There's been a lot of this revisionism in the remembered legacy of Bill Clinton amongst the Villagers. I have several theories as to why: 1) hindsight is always kinder as the rough edges smooth over in the intervening years; 2) some of the Villagers are too young and too intellectually incurious to know about the toxic culture of the Beltway during the Clinton years; and 3) in true bobblehead fashion, they don't really care that they said one thing during one news cycle and something diametrically opposite in another.

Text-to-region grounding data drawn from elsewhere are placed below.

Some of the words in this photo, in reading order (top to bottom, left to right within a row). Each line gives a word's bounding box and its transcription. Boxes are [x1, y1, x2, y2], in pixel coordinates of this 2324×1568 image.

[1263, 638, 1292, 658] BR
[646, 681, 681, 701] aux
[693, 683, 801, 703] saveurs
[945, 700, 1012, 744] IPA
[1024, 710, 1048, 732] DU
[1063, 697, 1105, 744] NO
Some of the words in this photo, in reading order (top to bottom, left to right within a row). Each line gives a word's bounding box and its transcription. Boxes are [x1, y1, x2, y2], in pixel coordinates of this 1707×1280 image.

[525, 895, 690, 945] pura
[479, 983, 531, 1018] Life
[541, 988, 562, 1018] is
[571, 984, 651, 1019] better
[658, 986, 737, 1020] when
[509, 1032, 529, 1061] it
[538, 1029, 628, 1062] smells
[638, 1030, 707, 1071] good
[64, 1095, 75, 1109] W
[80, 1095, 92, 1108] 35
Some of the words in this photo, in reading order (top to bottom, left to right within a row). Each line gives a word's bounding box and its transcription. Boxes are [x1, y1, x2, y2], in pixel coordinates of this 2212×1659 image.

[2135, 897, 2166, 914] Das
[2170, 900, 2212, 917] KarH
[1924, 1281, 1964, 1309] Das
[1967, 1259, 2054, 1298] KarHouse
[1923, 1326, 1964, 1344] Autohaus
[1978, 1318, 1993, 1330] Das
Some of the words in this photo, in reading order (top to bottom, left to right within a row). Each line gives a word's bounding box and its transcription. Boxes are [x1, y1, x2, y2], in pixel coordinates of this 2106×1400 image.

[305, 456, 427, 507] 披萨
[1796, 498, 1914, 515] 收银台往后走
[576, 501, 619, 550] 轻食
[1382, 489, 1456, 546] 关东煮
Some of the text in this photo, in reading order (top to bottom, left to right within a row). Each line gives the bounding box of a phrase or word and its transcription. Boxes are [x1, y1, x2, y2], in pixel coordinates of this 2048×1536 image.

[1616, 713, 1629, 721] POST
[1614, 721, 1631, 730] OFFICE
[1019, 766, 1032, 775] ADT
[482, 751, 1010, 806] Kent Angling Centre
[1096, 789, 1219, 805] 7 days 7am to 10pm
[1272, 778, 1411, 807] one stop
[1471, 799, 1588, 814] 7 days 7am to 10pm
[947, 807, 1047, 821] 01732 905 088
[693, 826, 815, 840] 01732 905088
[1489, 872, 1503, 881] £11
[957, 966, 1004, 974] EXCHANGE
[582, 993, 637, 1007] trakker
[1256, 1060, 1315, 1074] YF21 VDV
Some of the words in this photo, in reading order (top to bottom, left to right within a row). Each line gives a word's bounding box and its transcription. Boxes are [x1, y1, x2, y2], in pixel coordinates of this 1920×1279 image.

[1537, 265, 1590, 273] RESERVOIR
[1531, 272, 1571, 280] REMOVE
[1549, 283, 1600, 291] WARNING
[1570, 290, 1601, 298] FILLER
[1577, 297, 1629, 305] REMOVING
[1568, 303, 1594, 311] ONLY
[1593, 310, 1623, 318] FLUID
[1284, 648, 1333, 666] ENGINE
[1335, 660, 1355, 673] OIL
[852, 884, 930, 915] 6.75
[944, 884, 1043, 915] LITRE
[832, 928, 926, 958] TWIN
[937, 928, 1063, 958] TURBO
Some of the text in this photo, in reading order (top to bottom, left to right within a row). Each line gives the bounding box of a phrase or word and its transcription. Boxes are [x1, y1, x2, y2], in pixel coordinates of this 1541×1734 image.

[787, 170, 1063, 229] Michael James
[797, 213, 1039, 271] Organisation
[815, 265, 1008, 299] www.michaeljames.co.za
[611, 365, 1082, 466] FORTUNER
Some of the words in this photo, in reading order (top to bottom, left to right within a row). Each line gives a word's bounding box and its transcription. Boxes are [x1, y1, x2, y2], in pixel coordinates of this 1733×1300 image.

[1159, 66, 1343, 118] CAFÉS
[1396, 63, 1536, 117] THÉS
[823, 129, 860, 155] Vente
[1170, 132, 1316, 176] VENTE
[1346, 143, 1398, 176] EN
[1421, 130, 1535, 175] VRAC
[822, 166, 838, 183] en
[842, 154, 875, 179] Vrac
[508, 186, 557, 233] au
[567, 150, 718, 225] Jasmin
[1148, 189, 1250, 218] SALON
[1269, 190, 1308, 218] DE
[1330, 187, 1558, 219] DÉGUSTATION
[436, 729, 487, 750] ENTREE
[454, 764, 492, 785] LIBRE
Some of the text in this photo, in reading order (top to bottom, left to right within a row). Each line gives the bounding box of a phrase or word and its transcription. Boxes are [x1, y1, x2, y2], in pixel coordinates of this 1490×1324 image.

In the case of Chris Matthews, I have to believe that it's the third option in play. Keep in mind that the whole dubbing of the DC media as the Villagers came into play in their reaction to Bill Clinton and how they felt that he and Hillary did not properly show obsequiousness to the powers that be in the Beltway cocktail circuit. And Matthews was definitely part of that group. Even years after Clinton's term was over, Matthews could not let go of Clinton's infidelities and impeachment, even crediting that with Hillary Clinton's personal success as a politician.
But now, Tweety finds him the consummate politician, relating to the crowd in a way that Obama cannot, even editing the video of that CNBC Town Hall to not show Obama's response, and then bemoaning that he did not take the time to relate to her a time when he and Michelle suffered financially.
Um, what? Seriously, Villagers, with your own disregard for the the middle class that you still don't report that the Republicans are fighting desperately to keep "small business owners" like Bechtel and Koch Industries from paying higher taxes, we're supposed to feel that the President should bite his lip more and "feel our pain" for a higher approval rating? I'm not too young to remember how you and your fellow media mates mocked Clinton for doing that.
And ultimately, it's all more of the same push to make voters feel dissatisfied with Obama: he didn't get visibly angry enough during the BP Gulf oil spill, he's not empathetic enough to the struggling middle class now, his agenda is too left wing, his agenda is too centrist, he simultaneously hates big business and is a crony for it.
The question we have to ask ourselves is why there's such a big narrative push to instill dissatisfaction in some way--in any way--against Obama right now before the mid-term elections. I suggest to you that it's a combination of the elitism of the Villagers and the corporations that own them.